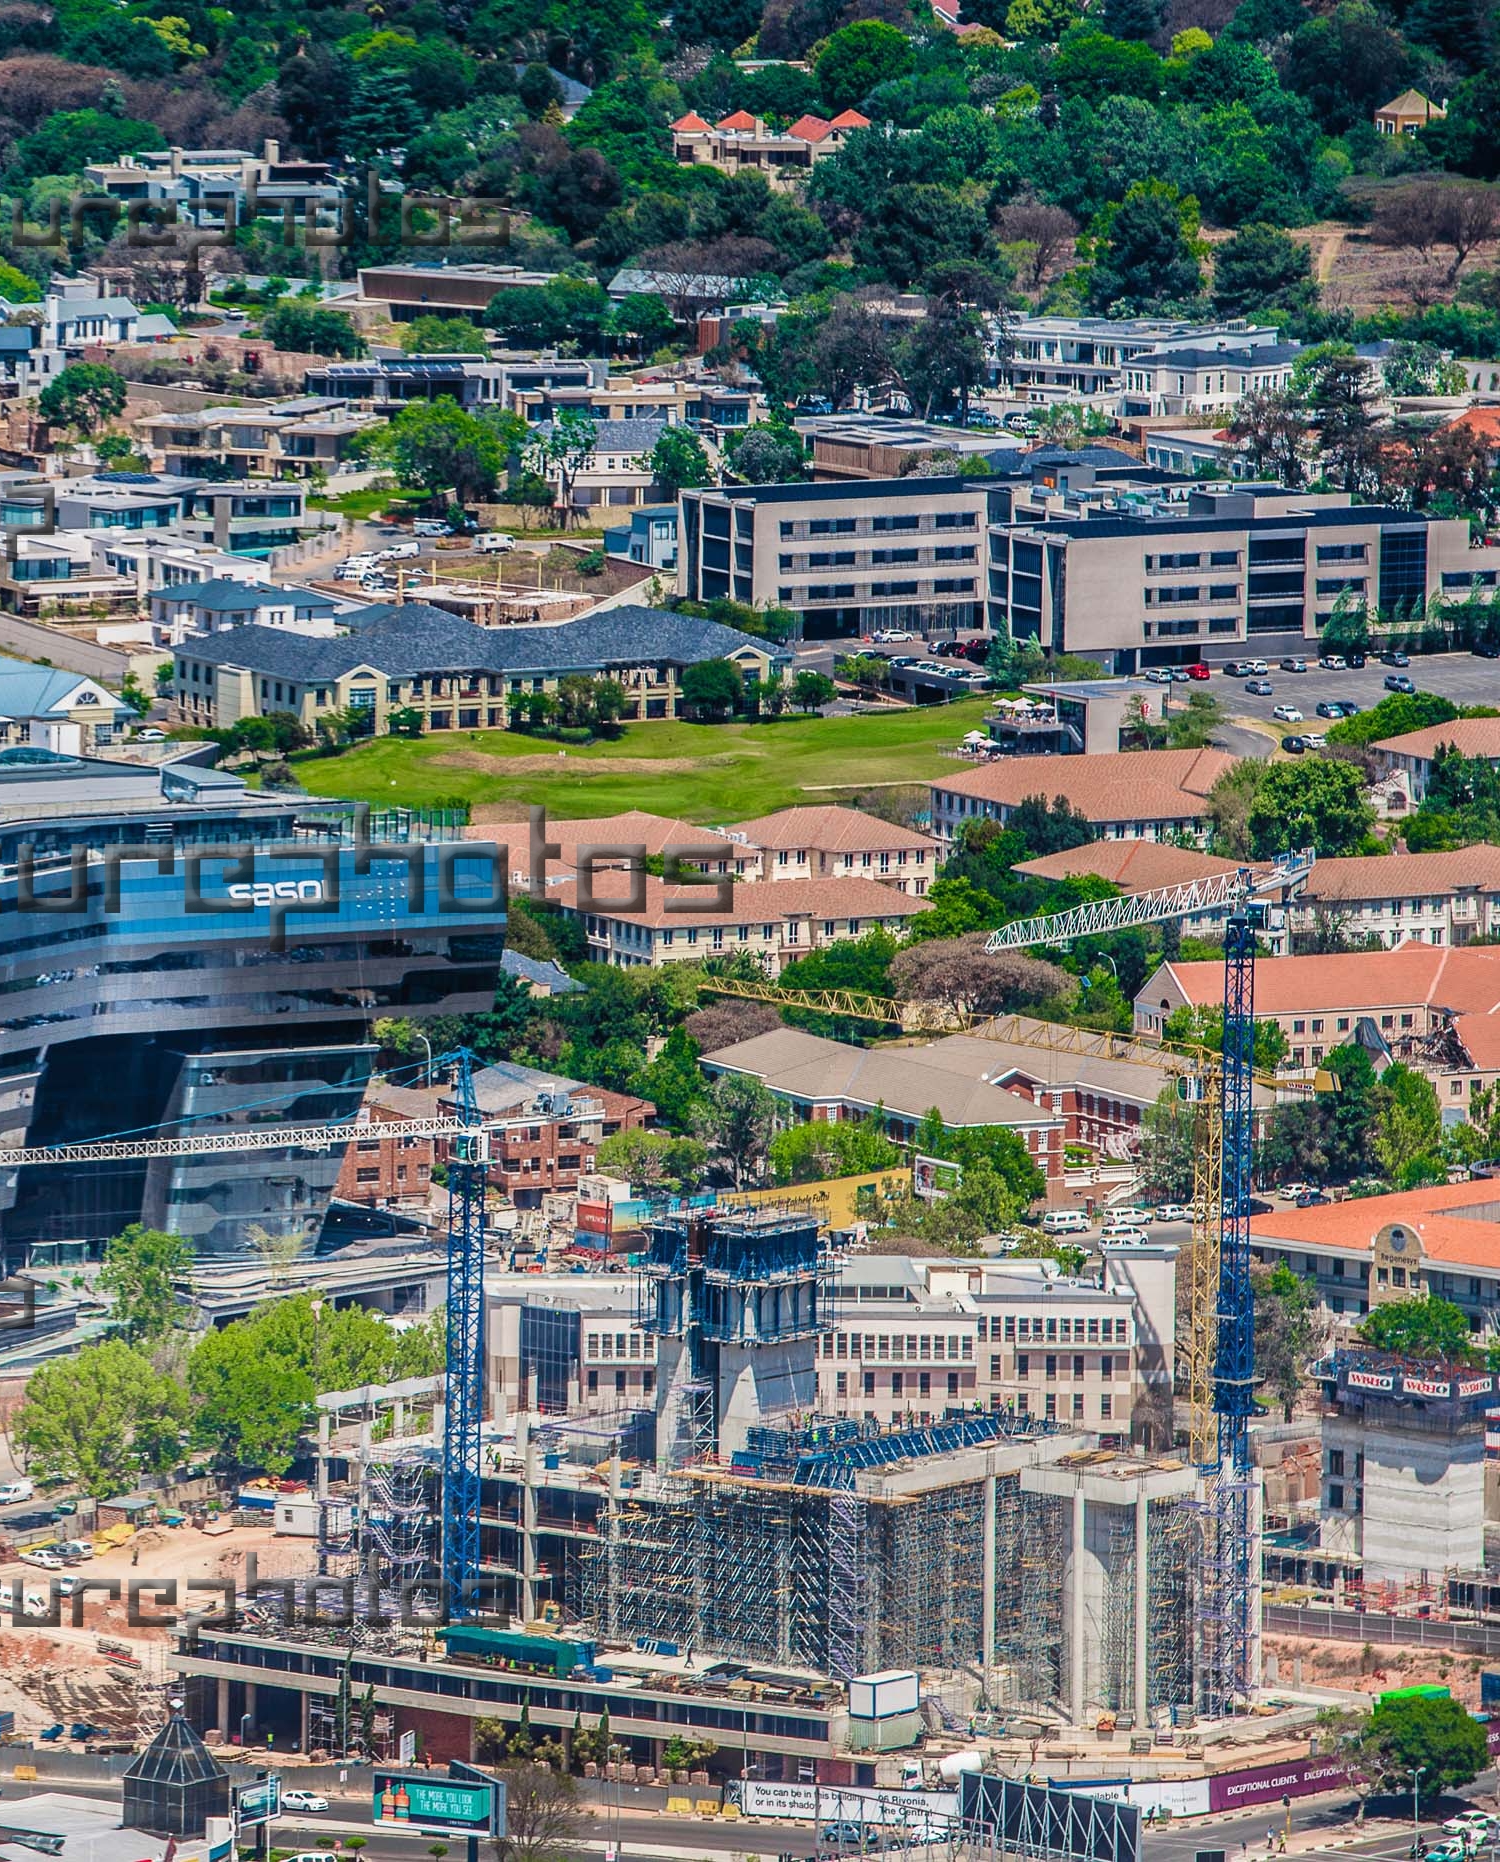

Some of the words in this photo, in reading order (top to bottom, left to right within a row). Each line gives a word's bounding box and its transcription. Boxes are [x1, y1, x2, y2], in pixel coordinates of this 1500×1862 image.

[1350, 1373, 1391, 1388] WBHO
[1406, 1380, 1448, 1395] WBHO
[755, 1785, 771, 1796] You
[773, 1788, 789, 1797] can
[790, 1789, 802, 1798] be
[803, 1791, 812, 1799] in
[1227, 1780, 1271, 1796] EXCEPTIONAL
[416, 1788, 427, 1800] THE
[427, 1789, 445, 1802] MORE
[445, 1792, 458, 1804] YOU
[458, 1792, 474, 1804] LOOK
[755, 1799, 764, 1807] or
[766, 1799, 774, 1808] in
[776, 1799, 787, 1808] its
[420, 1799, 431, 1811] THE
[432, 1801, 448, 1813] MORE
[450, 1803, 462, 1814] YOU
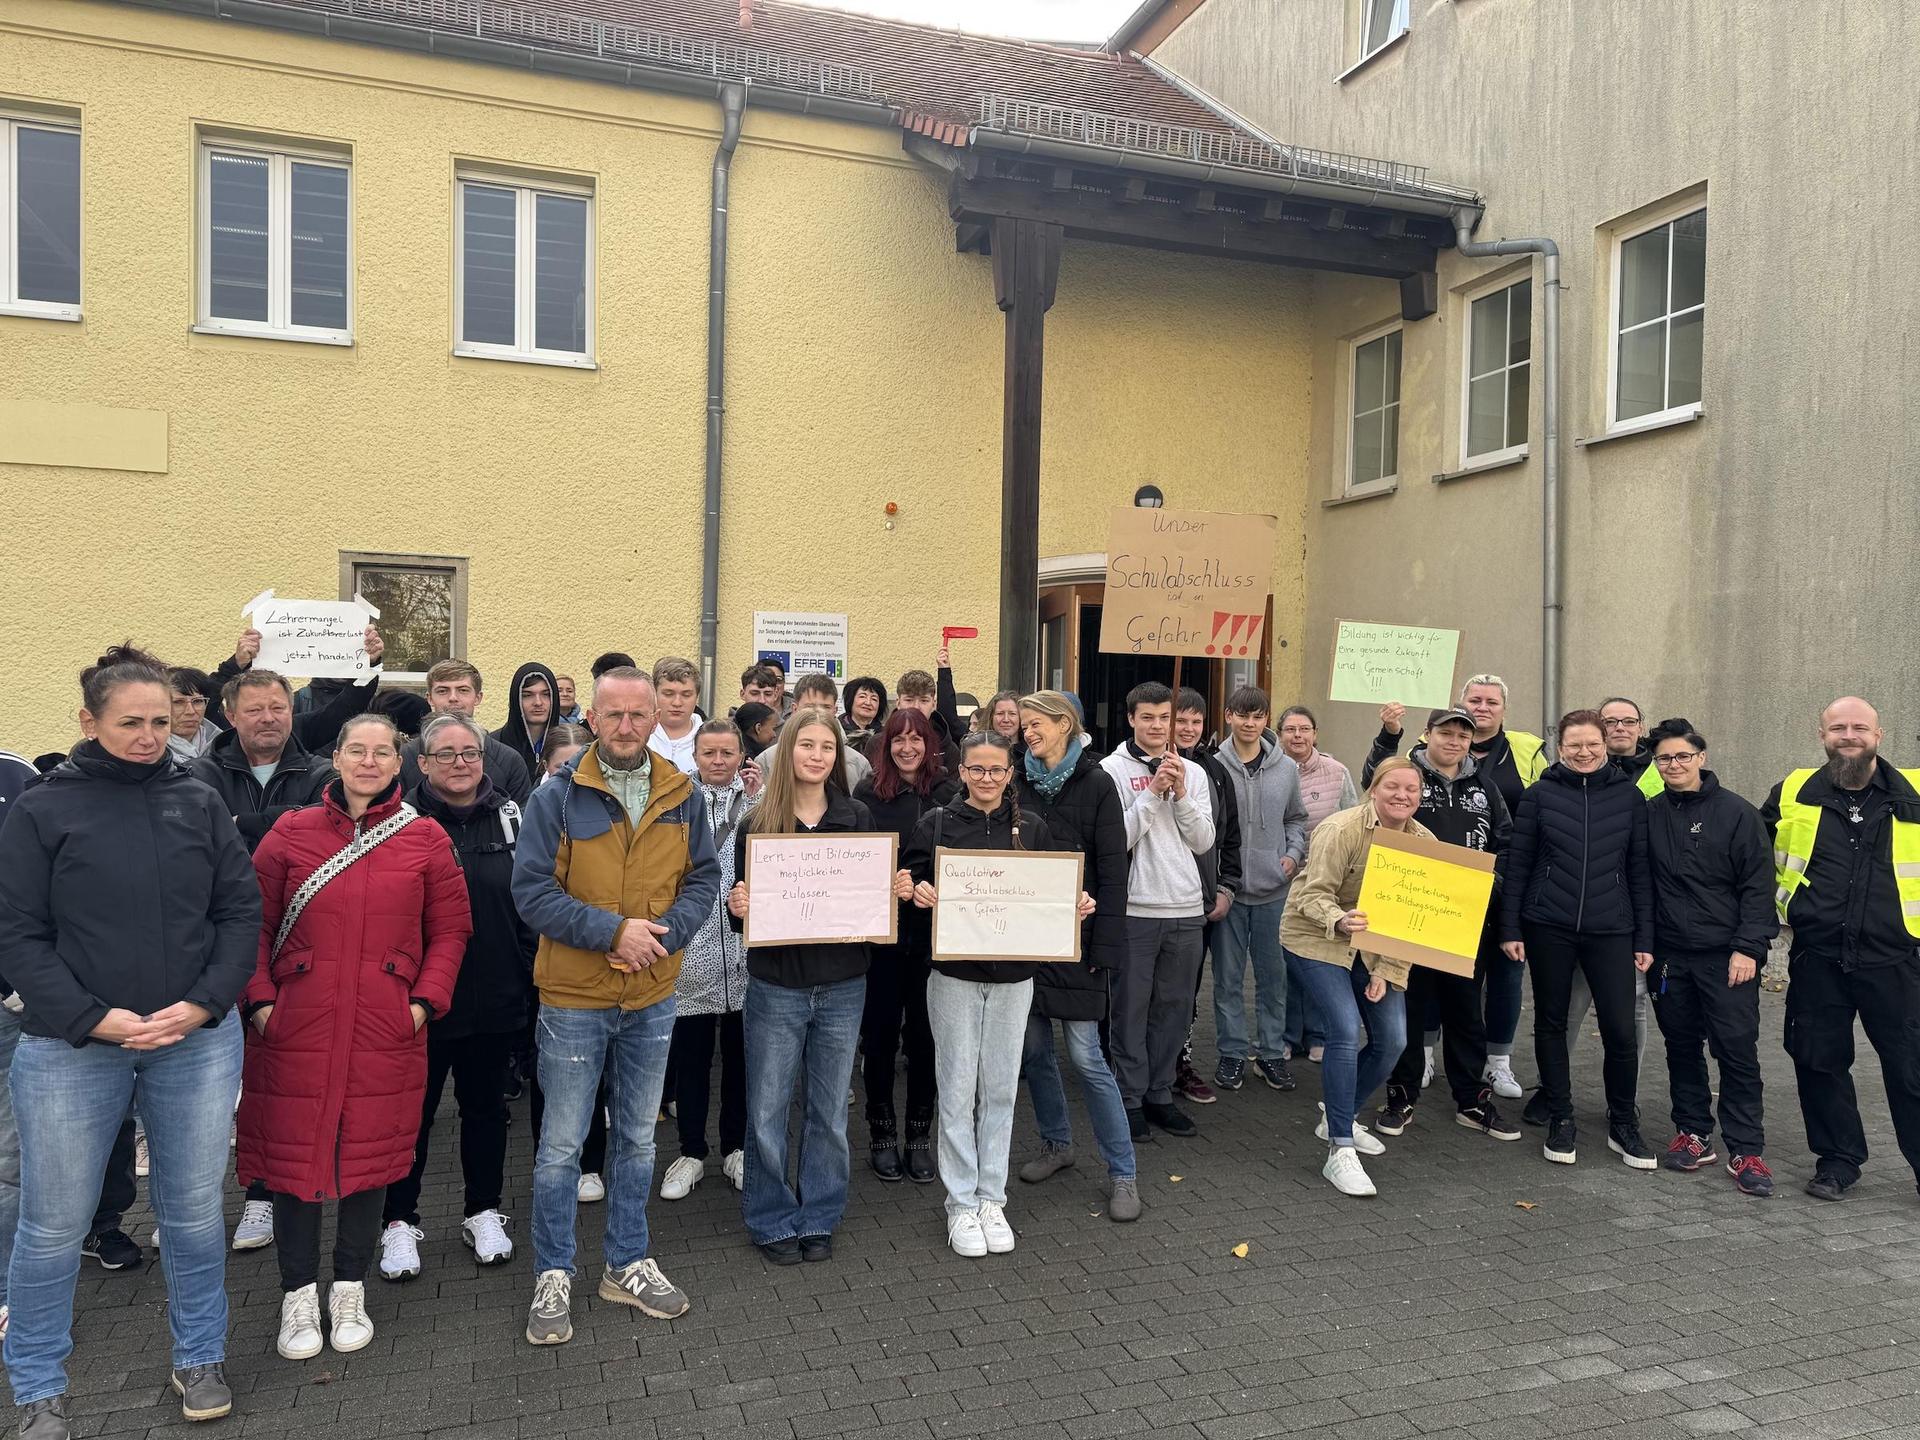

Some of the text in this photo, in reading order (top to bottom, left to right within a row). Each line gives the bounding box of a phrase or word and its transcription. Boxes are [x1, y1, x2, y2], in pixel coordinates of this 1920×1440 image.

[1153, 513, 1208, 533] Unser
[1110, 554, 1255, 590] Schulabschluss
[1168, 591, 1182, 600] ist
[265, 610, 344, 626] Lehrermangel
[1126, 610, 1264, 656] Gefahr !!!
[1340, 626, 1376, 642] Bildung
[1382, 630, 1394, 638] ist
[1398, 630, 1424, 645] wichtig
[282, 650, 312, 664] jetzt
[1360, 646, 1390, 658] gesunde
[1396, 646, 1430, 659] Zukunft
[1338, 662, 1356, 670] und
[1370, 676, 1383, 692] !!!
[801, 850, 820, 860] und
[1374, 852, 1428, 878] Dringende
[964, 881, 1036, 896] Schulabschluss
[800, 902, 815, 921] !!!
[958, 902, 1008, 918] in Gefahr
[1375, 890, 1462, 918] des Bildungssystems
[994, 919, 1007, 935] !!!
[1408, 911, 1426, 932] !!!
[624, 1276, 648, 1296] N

_GOAL OF THE EXERCISE:_ Each line from the one that contains "Some of the text" through the last line of the listing above should be written out exactly, and no other line.

_ANSWER SPACE:_
Some of the text in this photo, in reading order (top to bottom, left to right within a row). Each line gives the bounding box of a phrase or word and its transcription. Boxes are [x1, y1, x2, y2], in pixel coordinates of this 1920×1440 image.

[1153, 513, 1208, 533] Unser
[1110, 554, 1255, 590] Schulabschluss
[1168, 591, 1182, 600] ist
[265, 610, 344, 626] Lehrermangel
[1126, 610, 1264, 656] Gefahr !!!
[1340, 626, 1376, 642] Bildung
[1382, 630, 1394, 638] ist
[1398, 630, 1424, 645] wichtig
[282, 650, 312, 664] jetzt
[1360, 646, 1390, 658] gesunde
[1396, 646, 1430, 659] Zukunft
[1338, 662, 1356, 670] und
[1370, 676, 1383, 692] !!!
[801, 850, 820, 860] und
[1374, 852, 1428, 878] Dringende
[964, 881, 1036, 896] Schulabschluss
[800, 902, 815, 921] !!!
[958, 902, 1008, 918] in Gefahr
[1375, 890, 1462, 918] des Bildungssystems
[994, 919, 1007, 935] !!!
[1408, 911, 1426, 932] !!!
[624, 1276, 648, 1296] N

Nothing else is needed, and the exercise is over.